Une insurrection populaire a chassé fin 2014 l’ex-président Blaise Compaoré pour avoir tenté de modifier la Constitution afin de briguer un nouveau mandat, après 27 ans au pouvoir. Un an après, le 29 novembre, plus de 5,5 millions de Burkinabè inscrits au registre électoral se rendent aux urnes pour élire leur nouveau président et renouveler leurs députés. La campagne électorale qui s’est ouverte le 8 novembre est la première campagne présidentielle et législative post-Compaoré qu’organise le Burkina Faso. Ces élections constituent un tournant, car elles vont permettre à ce pays à l’histoire marquée par de nombreux coups d’Etat (sept depuis 1960) de tourner définitivement la page Blaise Compaoré et clore la période de « transition politique ».

2. Qu’est-ce que la « transition politique » ?

La « transition politique » est la période intermédiaire entre la fin du régime Compaoré (30 octobre 2014) et la tenue de nouvelles élections le 29 novembre prochain qui permettront au Burkina Faso de renouer avec la démocratie. On qualifie cette transition de « politique » ou « démocratique » parce qu’elle a été négociée entre les différents acteurs de la vie politique et sociale du pays (l’armée, les partis politiques, la société civile, les autorités religieuses et coutumières) au lendemain de la démission de l’ancien dictateur. Les parties prenantes ont signé une charte de la transition mettant en place un gouvernement de transition. Les signataires de la charte ont désigné Michel Kafando, diplomate de carrière, pour diriger ce gouvernement intérimaire. Celui-ci a désigné à son tour comme Premier ministre le lieutenant-colonel Isaac Zida qui avait pris brièvement le pouvoir après la chute de Compaoré le 30 octobre 2014. La principale mission de ce gouvernement de transition est d’organiser des élections libres, crédibles et apaisées et d’ancrer la démocratie dans le pays. Selon l’article 20 de la charte - récemment amendée -, la transition prendra fin à l’investiture du nouveau président issu des élections du 29 novembre.

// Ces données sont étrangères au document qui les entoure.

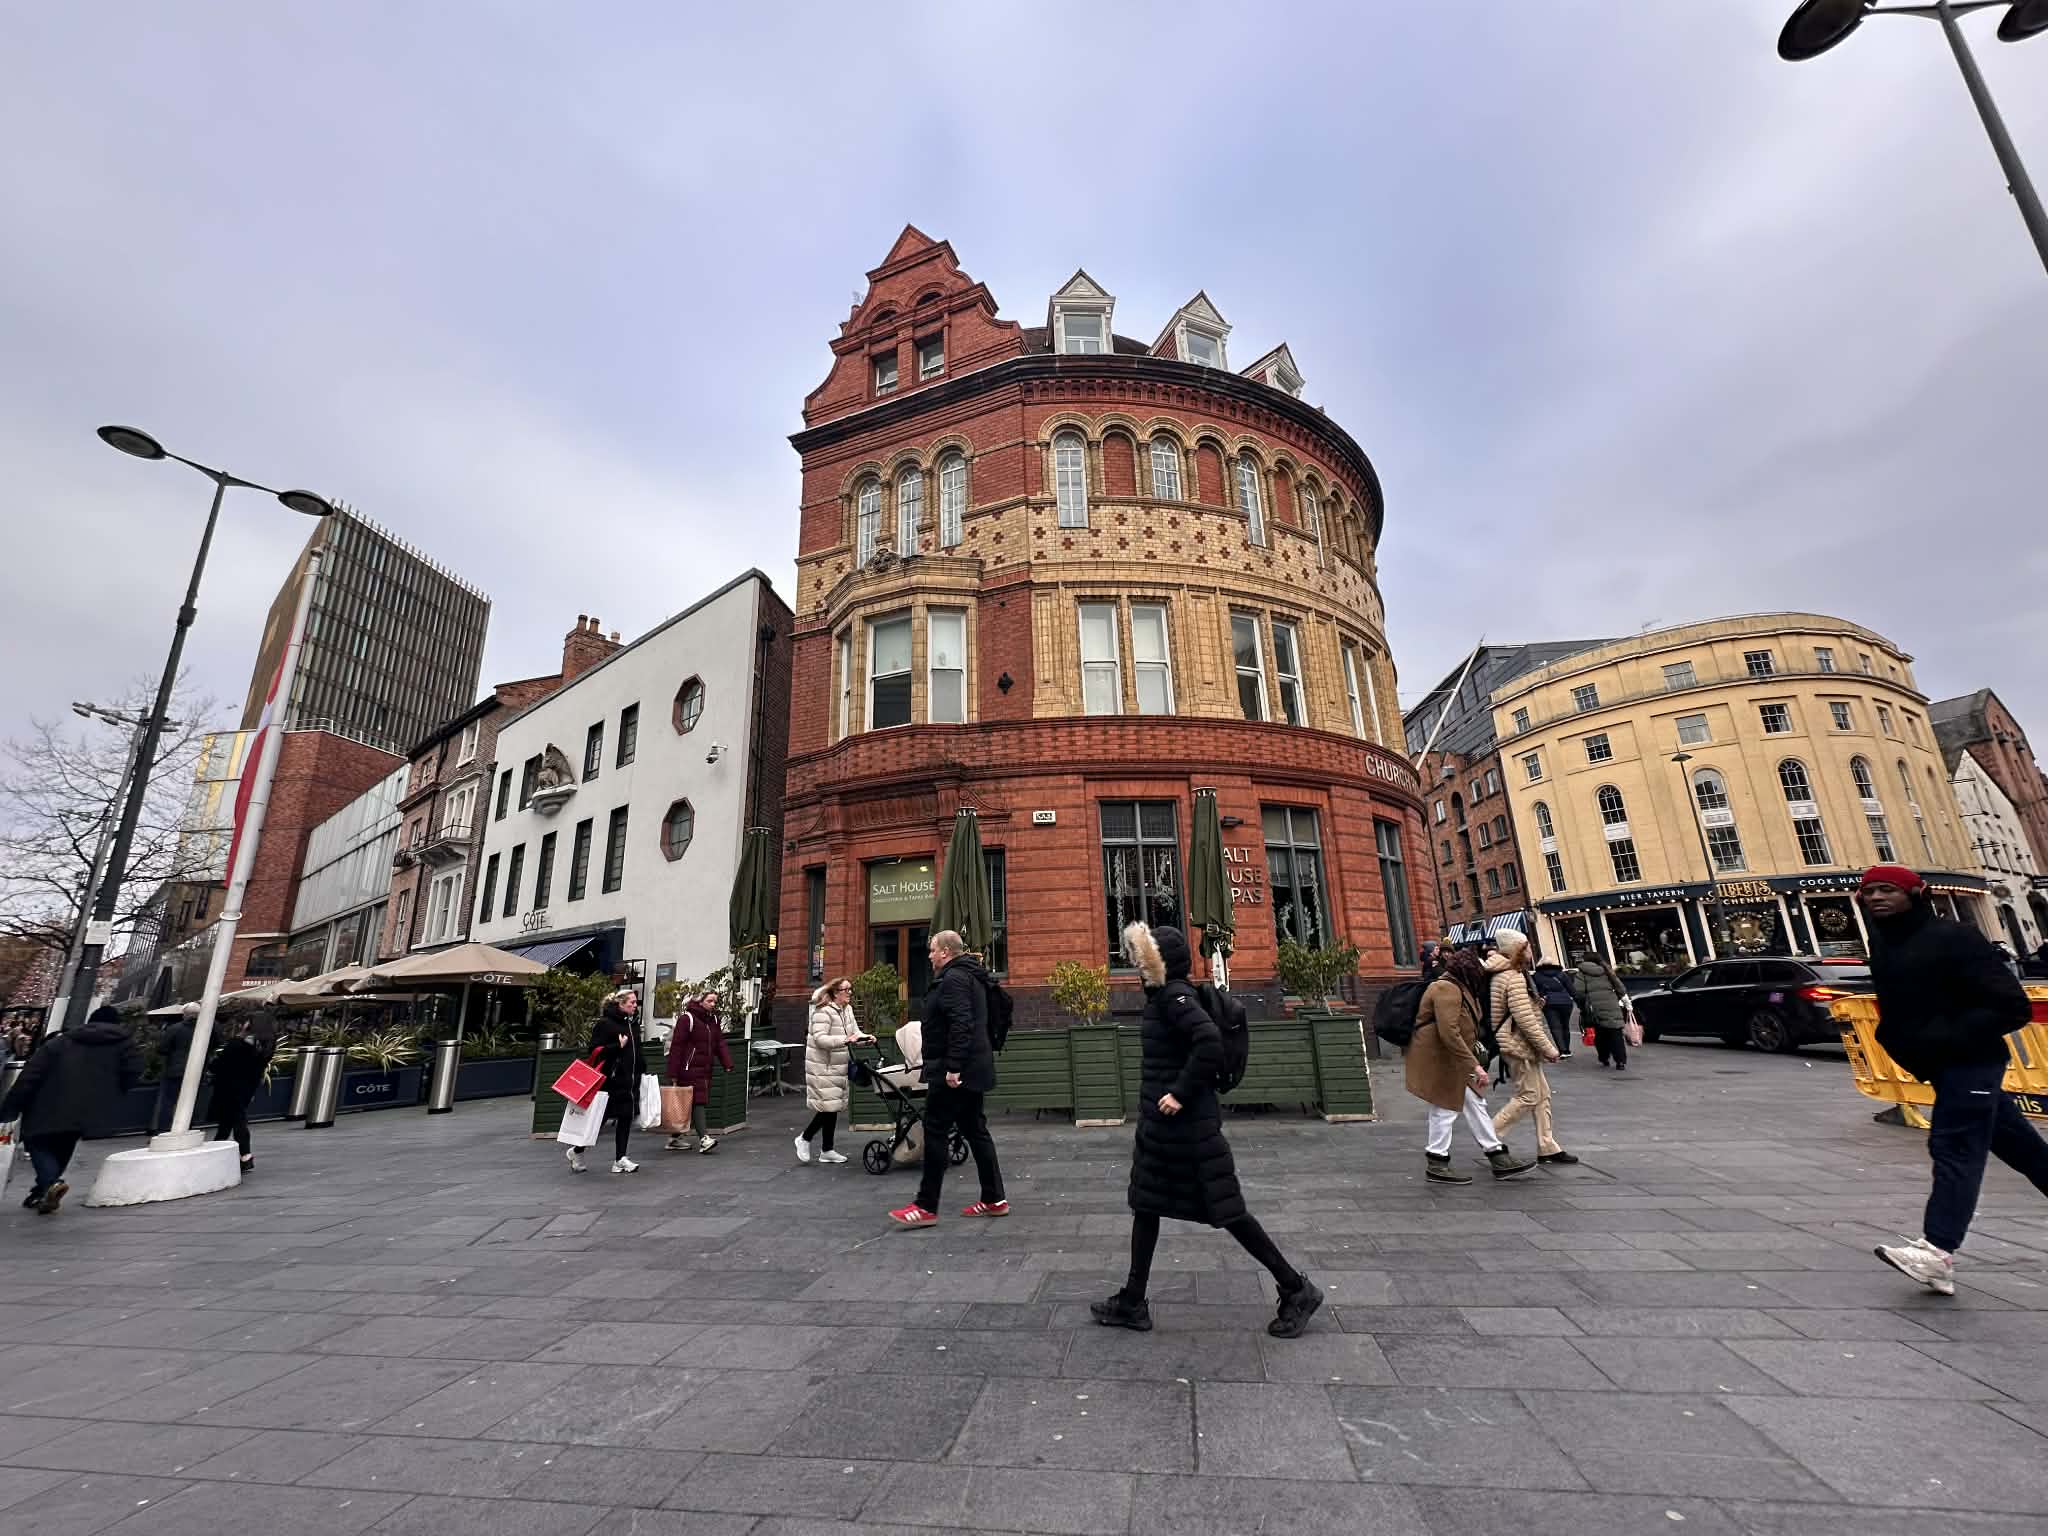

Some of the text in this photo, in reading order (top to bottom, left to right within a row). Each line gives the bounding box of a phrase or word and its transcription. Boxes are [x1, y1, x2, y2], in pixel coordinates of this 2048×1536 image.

[1223, 847, 1252, 863] ALT
[1226, 867, 1263, 884] USE
[1799, 876, 1863, 887] COOK HAU
[873, 881, 935, 896] SALT HOUSE
[1231, 887, 1264, 903] PAS
[1620, 889, 1685, 901] BIER TAVERN
[356, 1083, 392, 1095] CÔTE

3. Quels ont été les temps forts de cette année de transition ?

Le gouvernement de transition a pris plusieurs décisions importantes, notamment le verrouillage de l’article 37 de la Constitution qui stipule que le président est élu pour un mandat de cinq ans, renouvelable une fois. Pour empêcher un futur président de changer la Constitution dans le but de modifier la clause de limitation du nombre de mandats, comme le voulait faire Blaise Compaoré, le Conseil national de la transition (le Parlement intérimaire, connu sous le sigle du CNT), a inscrit l’article 37 parmi les dispositions qui sont interdites de modification.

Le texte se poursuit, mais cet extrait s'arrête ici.